Visiting Morocco During Ramadan 

(What Changes, What Stays Open & What To Expect)

Ramadan is the ninth month of the Islamic calendar, a month of fasting observed by Muslims worldwide. From sunrise to sunset, those observing don’t eat or drink. Evenings are reserved for iftar, the meal that breaks the fast, and for gathering with family.

In Morocco, Ramadan isn’t just religious. It reshapes daily life. Roly and I had already been travelling through Morocco for two months when Ramadan began. We’d crossed from Spain by ferry, moved down the coast, into cities and coastal towns, and settled base in Essaouira for 8 weeks.

On February 18th, Morocco moved into Ramadan, and the country adjusted overnight.

We weren’t arriving into it. We were already inside it, and that made the difference.

Does Ramadan Change the Experience?

It Depends Where You Are.

In larger, tourist-facing cities like Marrakech, Essaouira and Agadir, the shift was subtle.

In Essaouira, nothing felt shut down. The beach remained active. Restaurants were open. Cafes were serving. Tourists walked the medina, sat by the sea, filled tables at lunch. Commerce continued.

The difference wasn’t activity, it was who was present.

There were fewer locals out during the day. Fewer children playing in the same numbers. Fewer long cafe sit-ins from residents who were fasting. The city felt lighter in density, not empty.
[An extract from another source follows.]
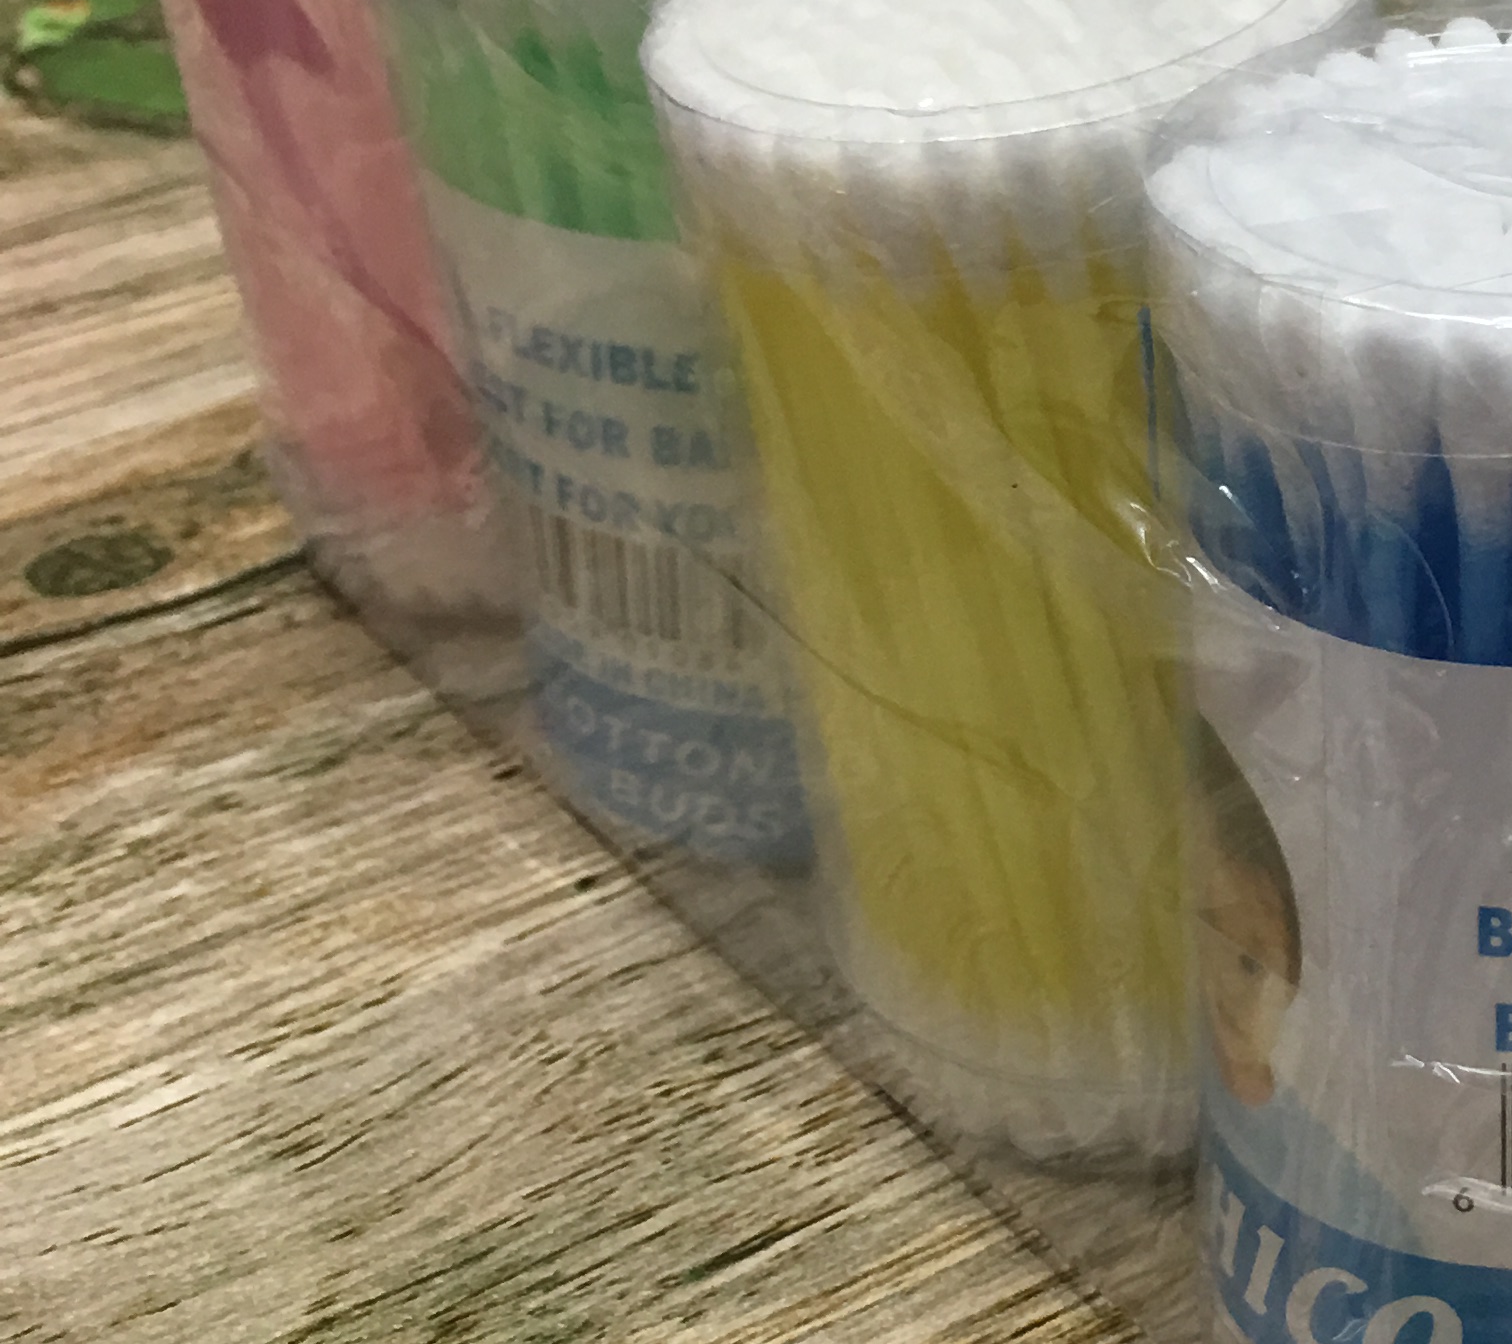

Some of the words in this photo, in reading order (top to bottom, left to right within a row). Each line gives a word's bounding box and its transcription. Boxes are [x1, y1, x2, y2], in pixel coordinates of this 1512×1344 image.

[486, 304, 698, 397] FLEXIBLE
[543, 400, 632, 459] FOR
[1452, 1186, 1475, 1214] 6
If you hadn’t known it was Ramadan, you might have assumed it was simply a less busy weekday.

Alcohol was more limited. That was noticeable. In tourist-facing areas you could still find it, but it was less visible and less central to daily life.

I chose to stop drinking entirely for the month. After travelling through France, Spain and Morocco with long dinners, good wine and indulgent food, it felt like the right moment to pause. One month. No alcohol. Long beach walks. Runs along the coast. Hitting 10,000 steps daily. Cooking fresh produce from the market instead of eating out constantly.
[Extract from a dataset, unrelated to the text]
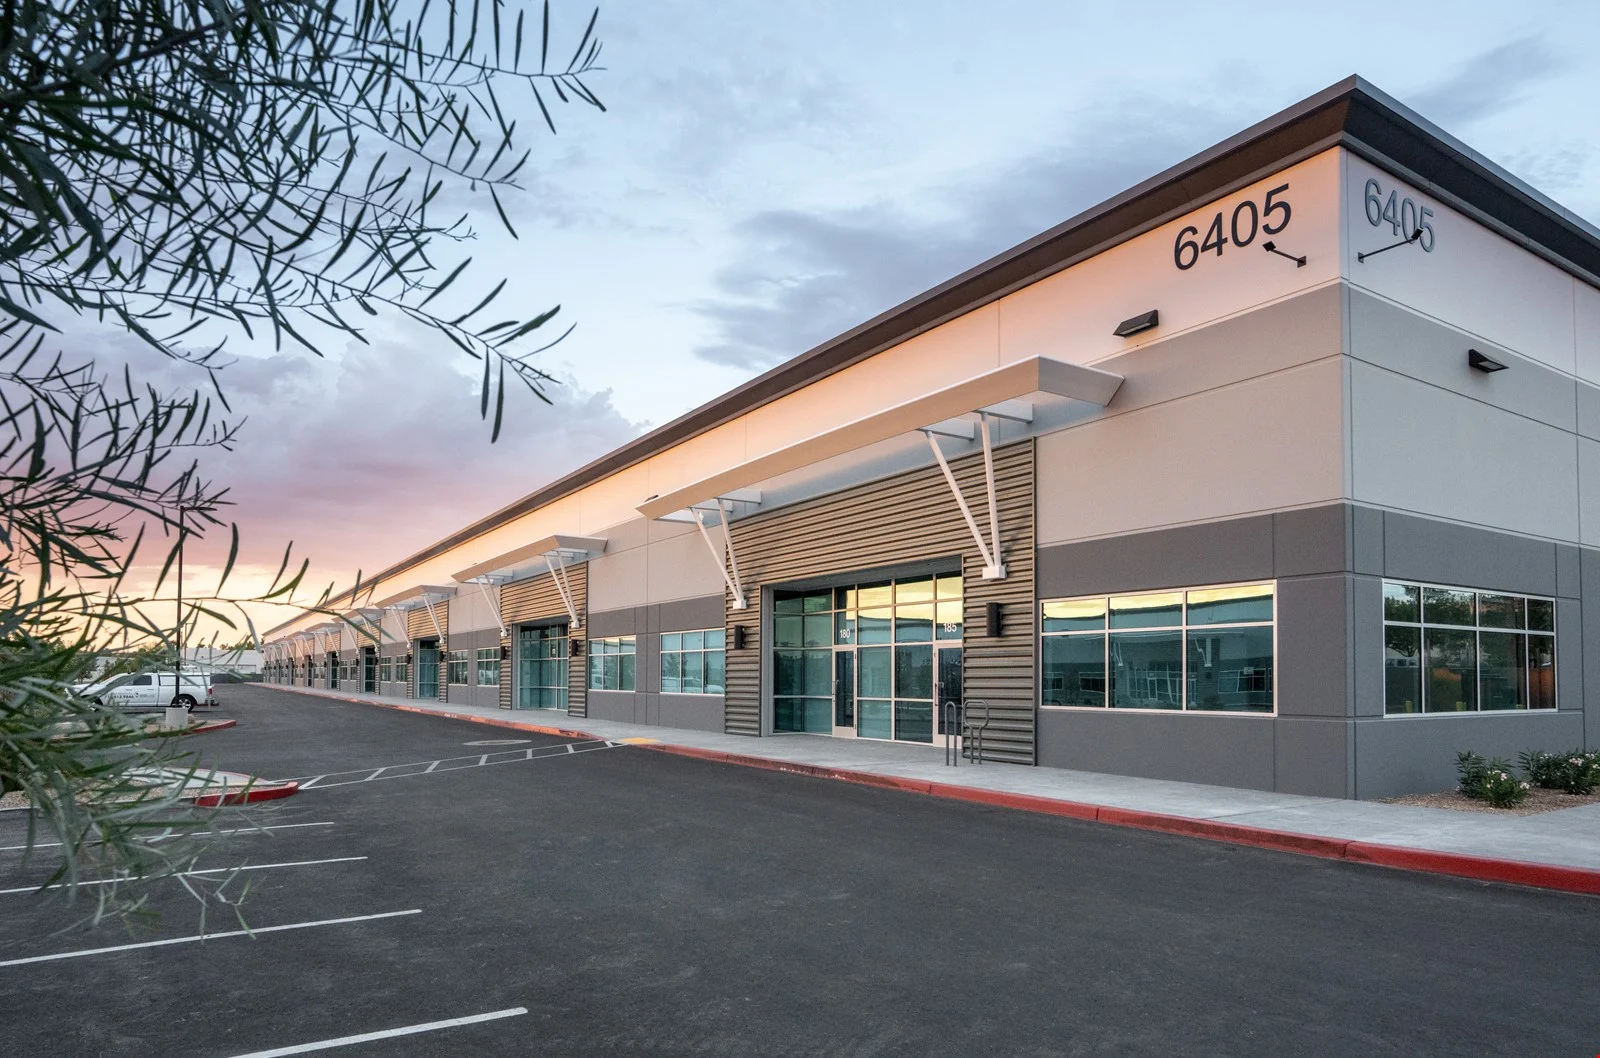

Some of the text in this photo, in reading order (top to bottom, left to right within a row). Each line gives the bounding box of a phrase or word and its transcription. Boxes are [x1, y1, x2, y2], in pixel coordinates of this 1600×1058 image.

With Portugal next on the route, and inevitably more wine ahead, it felt like a reset rather than a restriction.

Ramadan made that easier but daily life, especially in tourist zones, kept moving.
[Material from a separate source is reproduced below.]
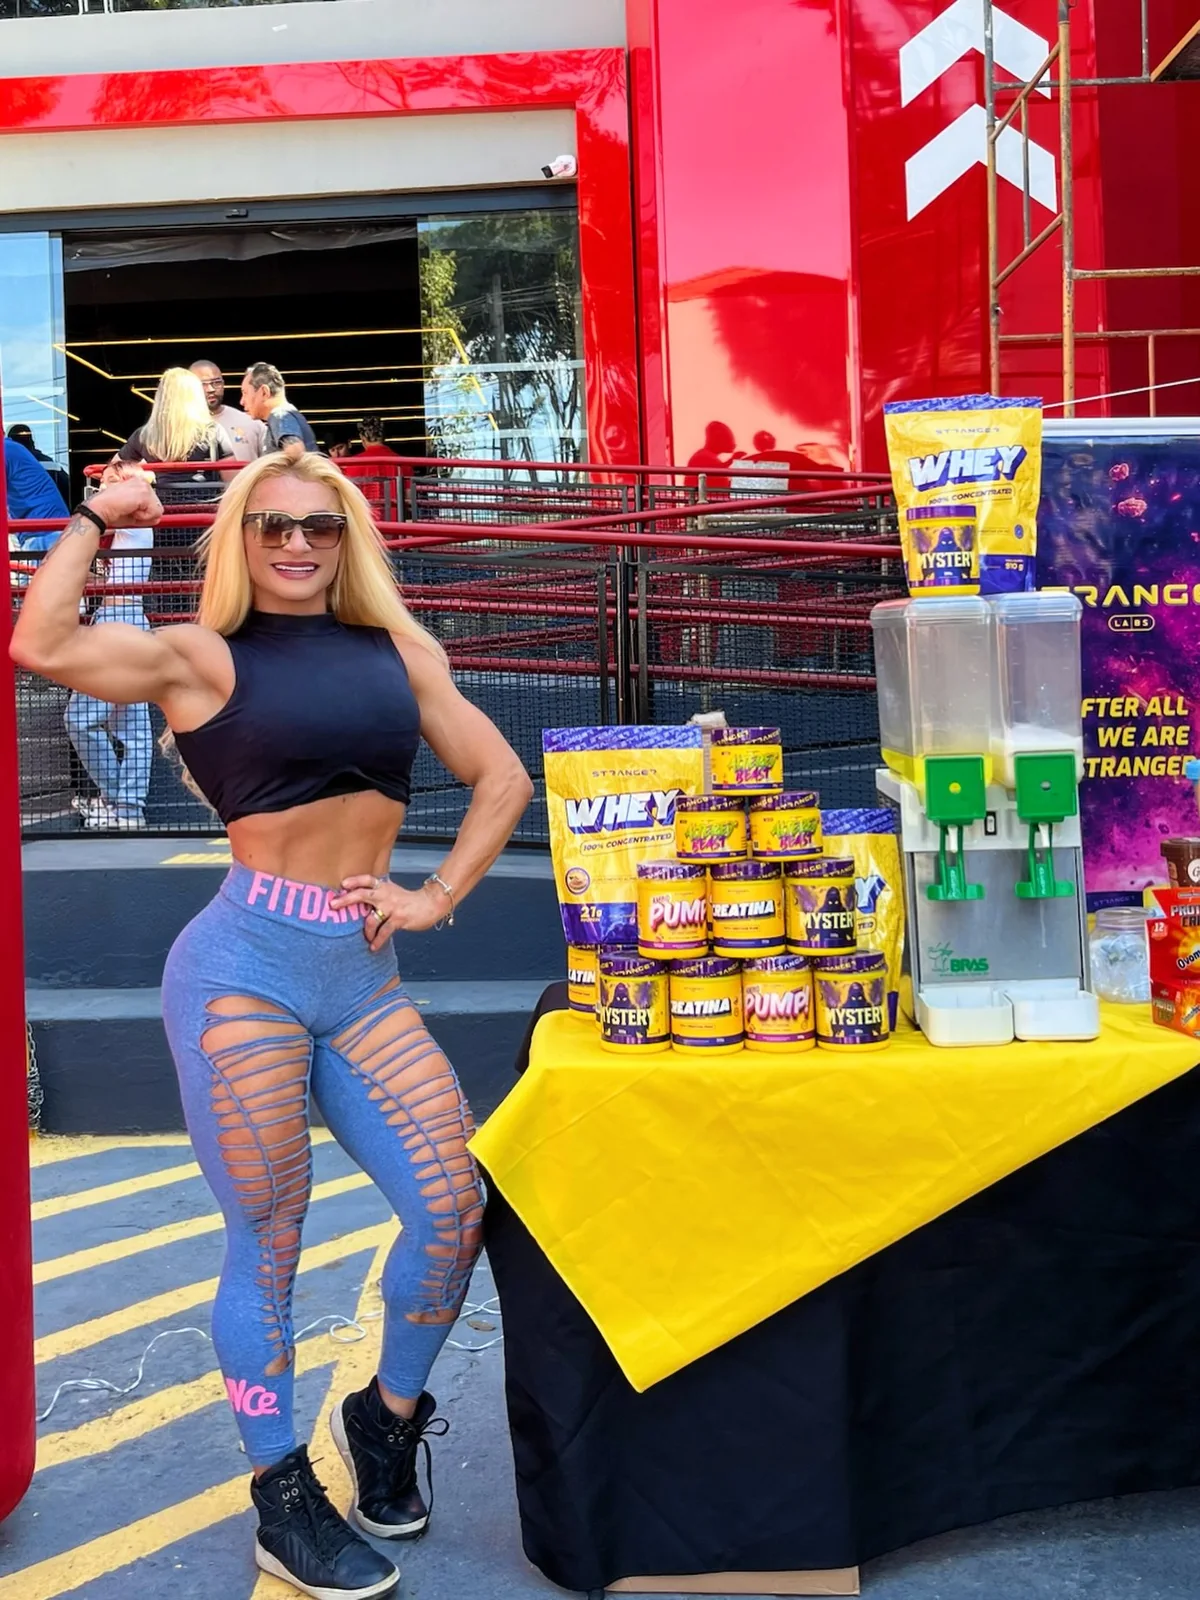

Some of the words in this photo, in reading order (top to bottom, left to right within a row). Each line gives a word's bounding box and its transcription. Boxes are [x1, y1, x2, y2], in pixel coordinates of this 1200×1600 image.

The most visible shift came at sunset. The call to prayer sounded. In some places, a siren echoed across rooftops to signal the break of fast. For a brief window, streets thinned as families gathered indoors. Then the city reassembled.

Evenings carried more weight. Locals broke fast together. Food moved quickly from trays. Streets filled again. Laughter. Music. Plates passed hand to hand.

The energy wasn’t reduced. It was redistributed.

The Clock Change Most Travellers Miss

Ramadan in Morocco doesn’t just shift daily habits. It shifts time itself.

Since 2018, Morocco operates on GMT+1 year-round. But during Ramadan, the country temporarily reverts to GMT (UTC+00:00), then switches back to GMT+1 once the month ends.

In 2026:

  • Morocco reverted to GMT on February 15
  • Returned to GMT+1 on March 22

If you’re crossing borders, booking flights, or coordinating international calls, this matters.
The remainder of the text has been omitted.